Die Rolle der Clorinde ward von Madame Henseln gespielt, die ohnstreitig eine von den besten Aktricen ist, welche das deutsche Theater jemals gehabt hat. Ihr besonderer Vorzug ist eine sehr richtige Deklamation; ein falscher Akzent wird ihr schwerlich entwischen; sie weiss den verworrensten, holprigsten, dunke1sten Vers mit einer Leichtigkeit, mit einer Praezision zu sagen, dass er durch ihre Stimme die deutlichste Erklaerung, den vol1staendigsten Kommentar erhaelt. Sie verbindet damit nicht selten ein Raffinement, welches entweder von einer sehr gluecklichen Empfindung, oder von einer sehr richtigen Beurteilung zeuget. Ich glaube die Liebeserklaerung, welche sie dem Olint tut, noch zu hoeren:

    "—Erkenne mich! Ich kann nicht laenger schweigen;

    Verstellung oder Stolz sei niedern Seelen eigen.

    Olint ist in Gefahr, und ich bin ausser mir—

    Bewundernd sah ich oft im Krieg und Schlacht nach dir;

    Mein Herz, das vor sich selbst sich zu entdecken scheute,

    War wider meinen Ruhm und meinen Stolz im Streite.

    Dein Unglueck aber reisst die ganze Seele hin,

    Und itzt erkenn' ich erst, wie klein, wie schwach ich bin.

    Itzt, da dich alle die, die dich verehrten, hassen,

    Da du zur Pein bestimmt, von jedermann verlassen,

    Verbrechern gleichgestellt, ungluecklich und ein Christ,

    Dem furchtbarn Tode nah, im Tod noch elend bist:

    Itzt wag' ich's zu gestehn: itzt kenne meine Triebe!"

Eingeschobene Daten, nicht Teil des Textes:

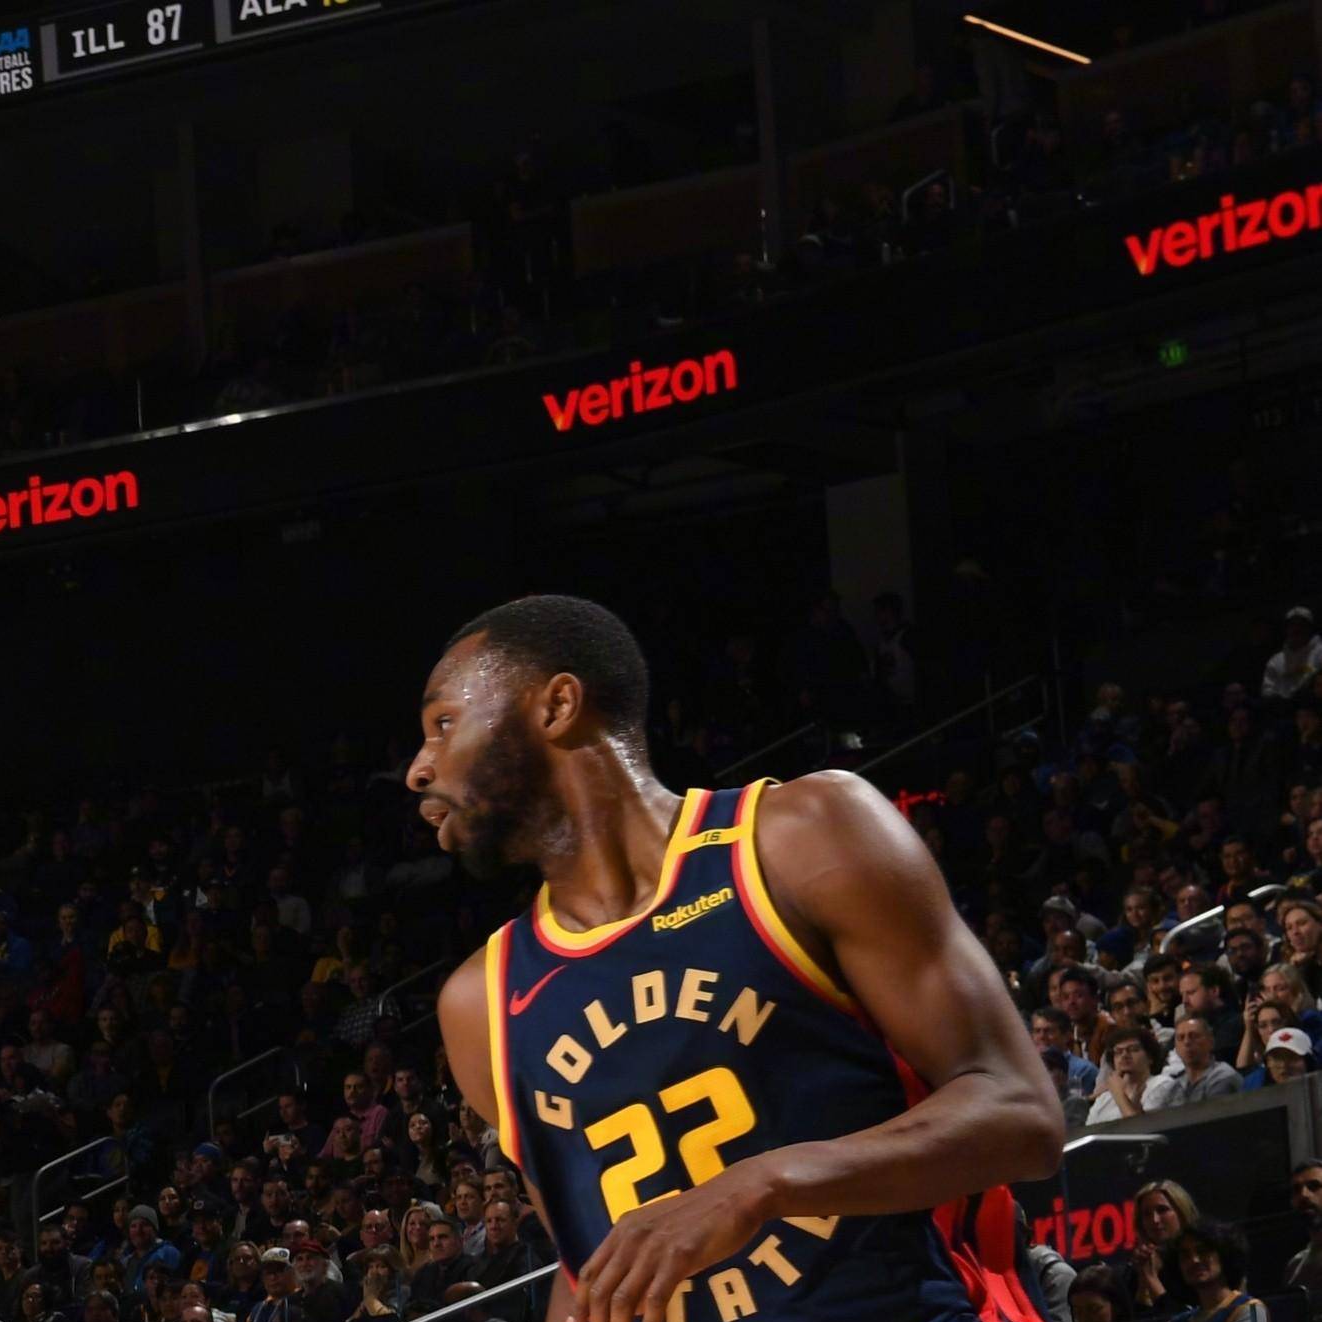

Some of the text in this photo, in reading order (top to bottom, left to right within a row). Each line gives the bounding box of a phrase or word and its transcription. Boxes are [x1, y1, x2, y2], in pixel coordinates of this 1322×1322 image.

[71, 4, 183, 58] ILL 87
[542, 349, 738, 432] verizon
[652, 887, 734, 932] Rakuten
[534, 967, 777, 1132] GOLDEN
[583, 1066, 757, 1226] 22

Wie frei, wie edel war dieser Ausbruch! Welches Feuer, welche Inbrunst beseelten jeden Ton! Mit welcher Zudringlichkeit, mit welcher Ueberstroemung des Herzens sprach ihr Mitleid! Mit welcher Entschlossenheit ging sie auf das Bekenntnis ihrer Liebe los! Aber wie unerwartet, wie ueberraschend brach sie auf einmal ab und veraenderte auf einmal Stimme und Blick und die ganze Haltung des Koerpers, da es nun darauf ankam, die duerren Worte ihres Bekenntnisses zu sprechen. Die Augen zur Erde geschlagen, nach einem langsamen Seufzer, in dem furchtsamen gezogenen Tone der Verwirrung, kam endlich

"Ich liebe dich, Olint,—"

heraus, und mit einer Wahrheit! Auch der, der nicht weiss, ob die Liebe sich so erklaert, empfand, dass sie sich so erklaeren sollte. Sie entschloss sich als Heldin, ihre Liebe zu gestehen, und gestand sie als ein zaertliches, schamhaftes Weib. So Kriegerin als sie war, so gewoehnt sonst in allem zu maennlichen Sitten: behielt das Weibliche doch hier die Oberhand. Kaum aber waren sie hervor, diese der Sittsamkeit so schwere Worte, und mit eins war auch jener Ton der Freimuetigkeit wieder da. Sie fuhr mit der sorglosesten Lebhaftigkeit, in aller der unbekuemmerten Hitze des Affekts fort:

    "—Und stolz auf meine Liebe,

    Stolz, dass dir meine Macht dein Leben retten kann,

    Biet' ich dir Hand und Herz, und Kron' und Purpur an."


Denn die Liebe aeussert sich nun als grossmuetige Freundschaft: und die Freundschaft spricht ebenso dreist, als schuechtern die Liebe.